**PROBLEM TO SOLVE**
Could you copy the records below exactly, keeping none of the images?

= Beginning of Section =

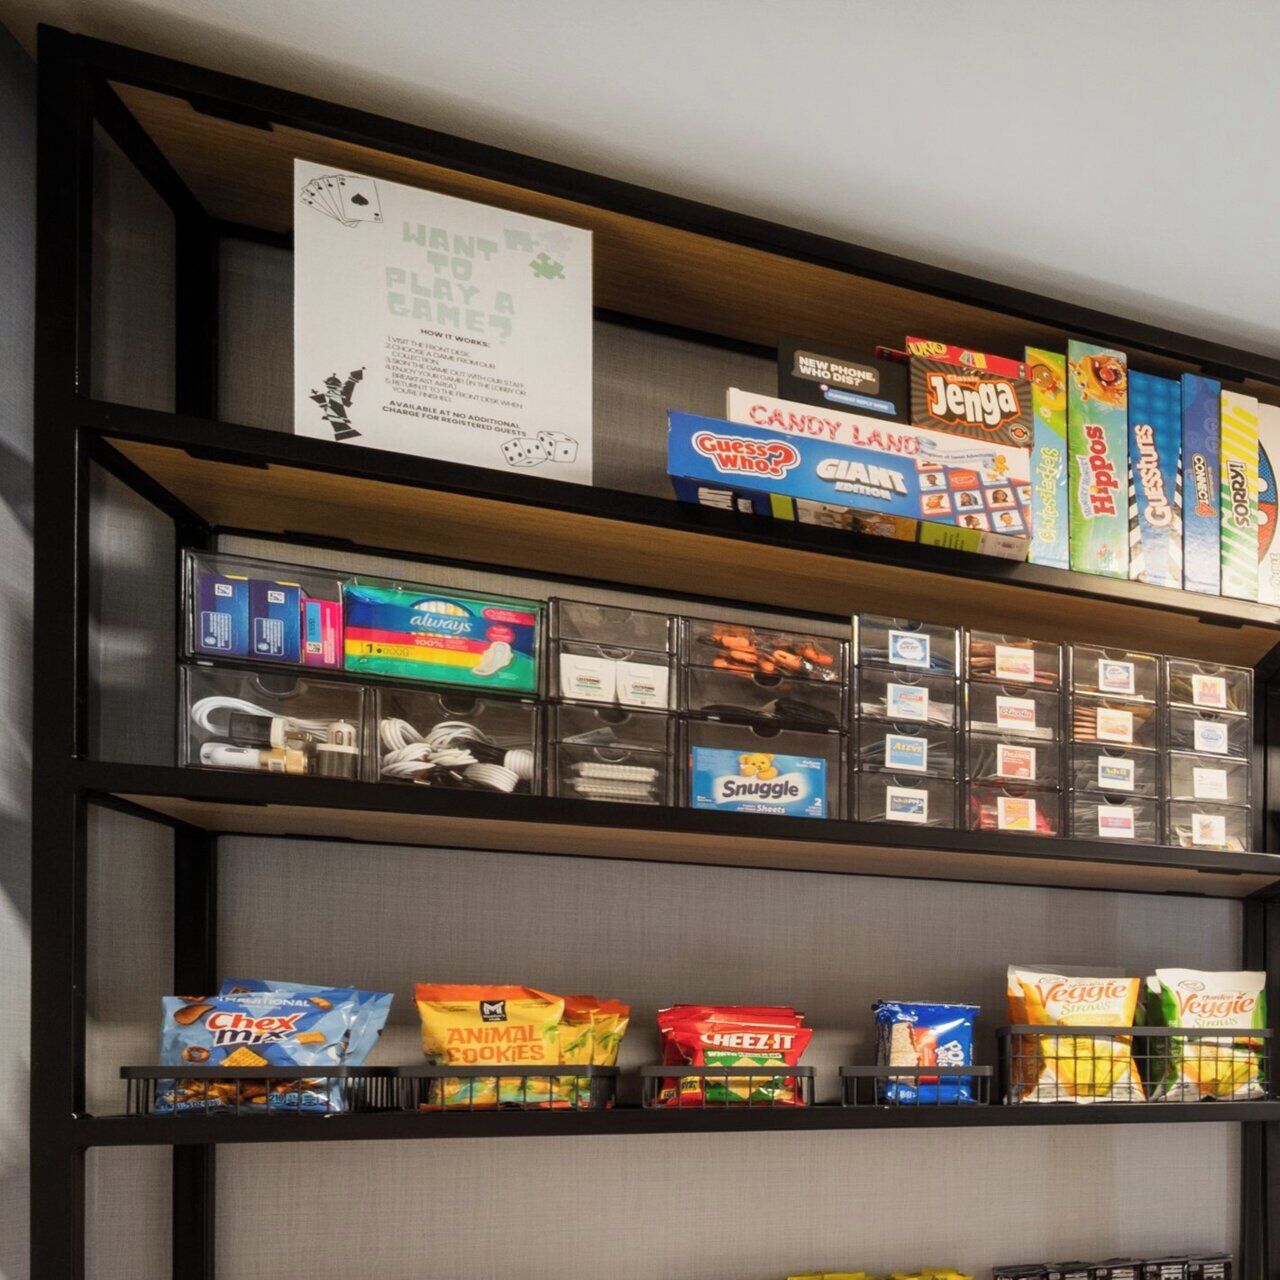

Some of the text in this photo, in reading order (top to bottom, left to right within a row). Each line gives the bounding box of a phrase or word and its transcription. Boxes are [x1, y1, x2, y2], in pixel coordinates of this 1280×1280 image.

[402, 221, 498, 262] WANT
[426, 252, 473, 282] TO
[385, 266, 516, 316] PLAY A
[386, 291, 513, 344] GAME?
[420, 329, 443, 339] HOW
[909, 341, 948, 358] UNO
[799, 356, 876, 383] NEW PHONE,
[799, 366, 863, 387] WHO DIS?
[389, 400, 521, 429] AVAILABLE AT NO ADDITIONAL
[931, 376, 1017, 426] Jenga
[382, 406, 527, 437] CHARGE FOR REGISTERED GUESTS
[749, 403, 921, 455] CANDY LAND
[698, 435, 766, 457] Guess
[720, 444, 798, 476] Who?
[1084, 424, 1119, 518] Hippos
[816, 457, 909, 494] GIANT
[1192, 453, 1216, 517] CONNECT 4
[835, 480, 892, 501] EDITION
[1226, 460, 1250, 528] SORRY!
[409, 612, 473, 635] always
[722, 780, 799, 800] Snuggle
[756, 803, 786, 815] Sheets
[1035, 981, 1127, 1009] Veggie
[1060, 1001, 1112, 1016] Straws
[1175, 990, 1255, 1018] Veggie
[205, 1011, 307, 1032] Chex
[447, 1024, 542, 1044] ANIMAL
[213, 1027, 296, 1046] mix
[700, 1032, 796, 1050] CHEEZ-IT
[445, 1044, 545, 1064] COOKIES

= End of Section =

**EXPECTED OUTPUT**
Some of the text in this photo, in reading order (top to bottom, left to right within a row). Each line gives the bounding box of a phrase or word and its transcription. Boxes are [x1, y1, x2, y2], in pixel coordinates of this 1280×1280 image.

[402, 221, 498, 262] WANT
[426, 252, 473, 282] TO
[385, 266, 516, 316] PLAY A
[386, 291, 513, 344] GAME?
[420, 329, 443, 339] HOW
[909, 341, 948, 358] UNO
[799, 356, 876, 383] NEW PHONE,
[799, 366, 863, 387] WHO DIS?
[389, 400, 521, 429] AVAILABLE AT NO ADDITIONAL
[931, 376, 1017, 426] Jenga
[382, 406, 527, 437] CHARGE FOR REGISTERED GUESTS
[749, 403, 921, 455] CANDY LAND
[698, 435, 766, 457] Guess
[720, 444, 798, 476] Who?
[1084, 424, 1119, 518] Hippos
[816, 457, 909, 494] GIANT
[1192, 453, 1216, 517] CONNECT 4
[835, 480, 892, 501] EDITION
[1226, 460, 1250, 528] SORRY!
[409, 612, 473, 635] always
[722, 780, 799, 800] Snuggle
[756, 803, 786, 815] Sheets
[1035, 981, 1127, 1009] Veggie
[1060, 1001, 1112, 1016] Straws
[1175, 990, 1255, 1018] Veggie
[205, 1011, 307, 1032] Chex
[447, 1024, 542, 1044] ANIMAL
[213, 1027, 296, 1046] mix
[700, 1032, 796, 1050] CHEEZ-IT
[445, 1044, 545, 1064] COOKIES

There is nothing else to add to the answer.